Mas mesmo já tendo essa predisposição, ninguém está totalmente livre dele. Ninguém está imune a ser vítima.

Vítima do banco.

Essa aconteceu com o Gustavinho. Na faculdade, dinheiro contado, situação de cinto apertado. Pra poder beber sua cerveja vital, muitas vezes tinha que economizar em outras coisas, na sua maioria supérfluas, como comida e roupas.

Um dia marcaram um churrasco. Cada um contribuiria com seus dez reais. Ele estava liso, mas o dinheiro do mês chegaria exatamente no dia seguinte. Como proceder? Deixar de ir ao churrasco por causa de UM dia era uma puta sacanagem. Allan, então, dá uma sugestão salvadora:

- Por que você não tira no LIS?

LIS é o serviço de cheque especial do banco Itaú. Até então, Gustavo nunca tinha usado, e não sabia como proceder. Allan explicou:

- Olha, não sei se tem que fazer alguma coisa especial. Eu simplesmente tiro a grana no caixa eletrônico, e fica negativo lá até cair o dinheiro.

Bom, um diazinho de saldo devedor não mataria ninguém, né? O que Gustavo não sabia era que era necessário ativar o tal serviço na conta. Abençoadamente ignorante dos trâmites bancários, foi ele tentar tirar a grana do churrasco no LIS. Como não havia saldo, o caixa eletrônico informou: "Saldo Insuficiente". No entanto, um botão chamou a atenção: prometia um crédito pessoal imediato, ali mesmo no caixa eletrônico.

- Deve ser isso aqui.

Surge um campo a ser preenchido com um valor. Gustavo não titubeia: dez reais. A máquina recusa-se: "Valor mínimo: vinte reais."

- Uau, que banco legal! Querendo me emprestar até mais do que eu preciso! Tá melhor que pegar dinheiro emprestado com amigo.

Campo seguinte: data para início do pagamento. Gustavinho preenche: "Amanhã." A máquina novamente adverte: "Período mínimo: vinte dias."

- Puxa vida! Melhor que amigo nada, isso aqui tá melhor que pegar dinheiro com a minha mãe! Ela dá o dinheiro, mas depois fica perguntando onde eu vou gastar, quando que vou devolver, quer troco, etc... Banco legal esse!

"Quantas parcelas?" Bem, aí o brio estremeceu. Parcela pra pagar vinte conto? Pelamor, né? Não. Uma parcela só. Desta vez, o banco não fez objeção. Preenche a senha, dá o OK, entra em ação a contadora de notas e, logo em seguida, a impressora do comprovante. Ao ler o papelzinho, surpresa surpresa!

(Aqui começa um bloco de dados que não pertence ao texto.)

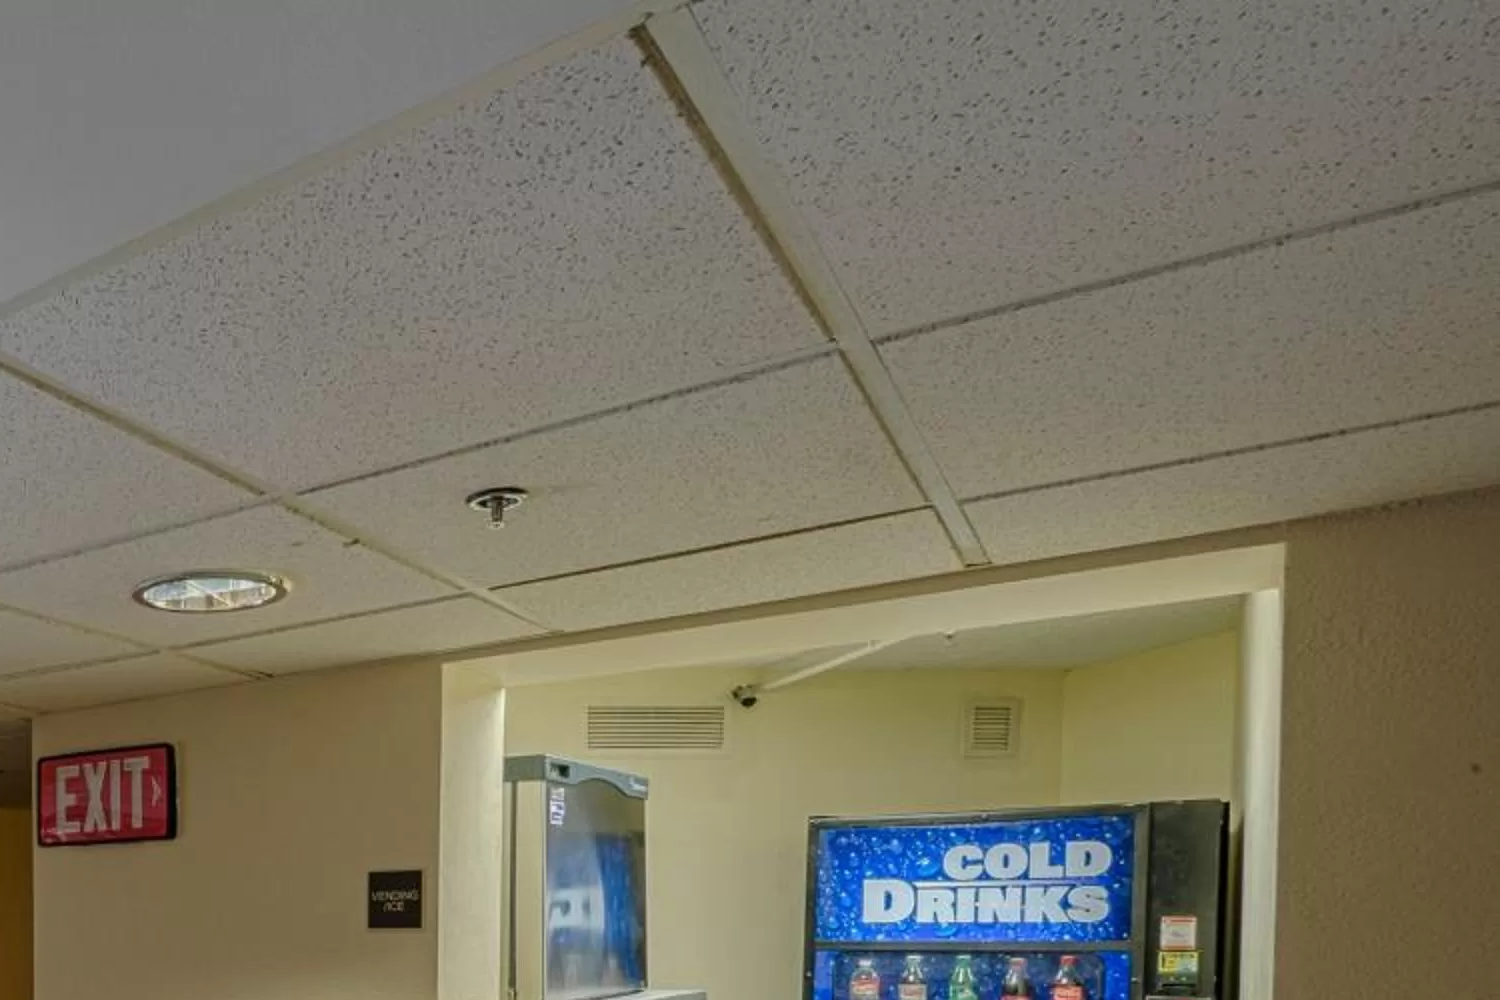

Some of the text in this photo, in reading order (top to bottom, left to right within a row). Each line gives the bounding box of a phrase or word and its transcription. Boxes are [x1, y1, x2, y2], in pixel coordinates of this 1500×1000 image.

Taxa de juros não-sei quanto, IOF mais não sei quanto, mais não sei que taxa de serviço = valor total: 45 reais!

125% de acréscimo por um empréstimo de vinte dias. Ele ainda tentou argumentar com a máquina que não queria mais, não precisava, mas a máquina não quis nem saber: voltou pra tela inicial e fingiu que ele nem estava ali.

Só espero que o churrasco tenha sido muito bom.

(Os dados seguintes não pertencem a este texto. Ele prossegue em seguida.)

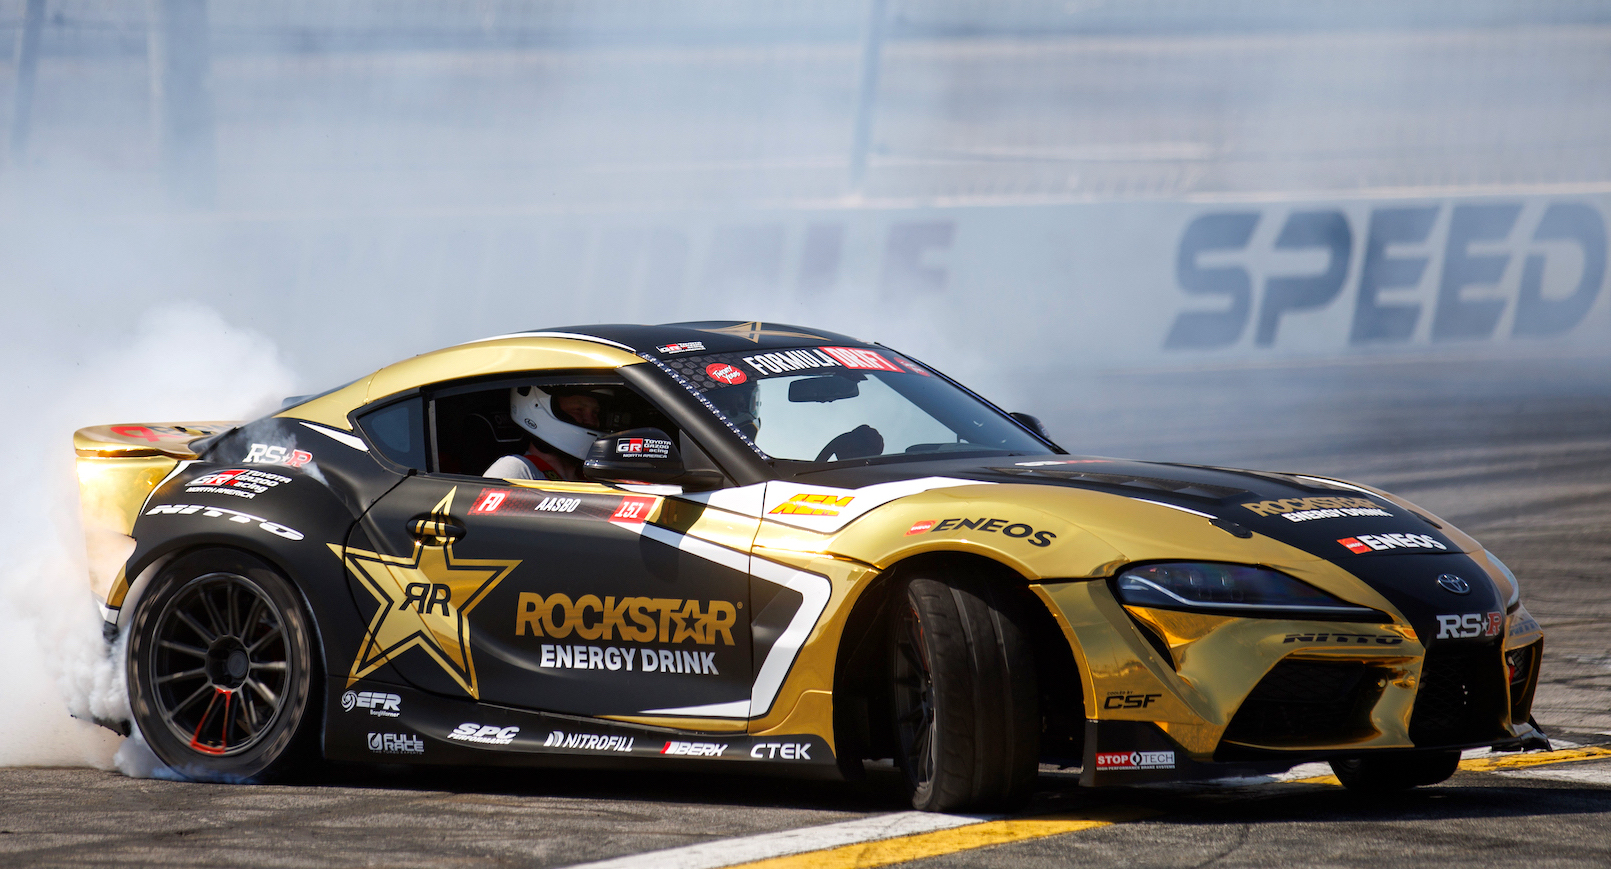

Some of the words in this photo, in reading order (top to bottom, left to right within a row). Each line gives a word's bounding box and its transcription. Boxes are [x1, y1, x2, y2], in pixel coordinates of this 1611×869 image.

[1160, 204, 1608, 351] SPEED
[743, 349, 842, 375] FORMULA
[824, 348, 898, 370] DRIFT
[234, 474, 279, 486] GAZOO
[246, 470, 292, 484] TOYOTA
[215, 488, 256, 499] AMERICA
[478, 492, 506, 512] FD
[534, 497, 582, 512] AASBO
[614, 502, 644, 518] 151
[1241, 496, 1387, 517] ROCKSTAR
[146, 504, 304, 540] NITTO
[1281, 509, 1347, 523] ENERGY
[1344, 508, 1394, 518] DRINK
[931, 518, 1056, 547] ENEOS
[1356, 533, 1448, 551] ENEOS
[515, 592, 737, 646] ROCKSTAR
[1283, 632, 1403, 644] NITTO
[540, 644, 636, 672] ENERGY
[641, 648, 719, 676] DRINK
[356, 691, 402, 712] EFR
[1104, 694, 1162, 710] CSF
[384, 733, 424, 744] FULL
[447, 733, 514, 745] PERFORMANCE
[453, 722, 520, 739] SPC
[384, 742, 424, 752] RACE
[562, 733, 634, 752] NITROFILL
[674, 742, 728, 757] BERK
[750, 743, 812, 760] CTEK
[1097, 755, 1129, 765] STOP

quinta-feira, 1 de março de 2012

Valtamirice

Lembram-se deste post?

Pergunta retórica, é claro que não lembram. Aliás, por isso que é um link, e não uma referência vaga: pra que vocês possam ir até lá e ler.

Pois então, aconteceu igual com meu colega de trabalho, o André. Ele entrou no banheiro e surpreendeu o Big Boss "tomando banho" na pia. Entretanto, ele foi mais vardomiro que eu: enquanto eu fiquei bem longe passando meu fio dental e saí fora rapidinho, André pediu licença, lavou as mãos e braços, e ainda usou o sabonete do chefe pra isso.

Fico só imaginando a cara do boss ==> Ò.ó

Quando eu contei pra ele que já tinha passado por algo semelhante, ele completou: "Ah, então isso não é uma vardomirice: é uma Valtamirice."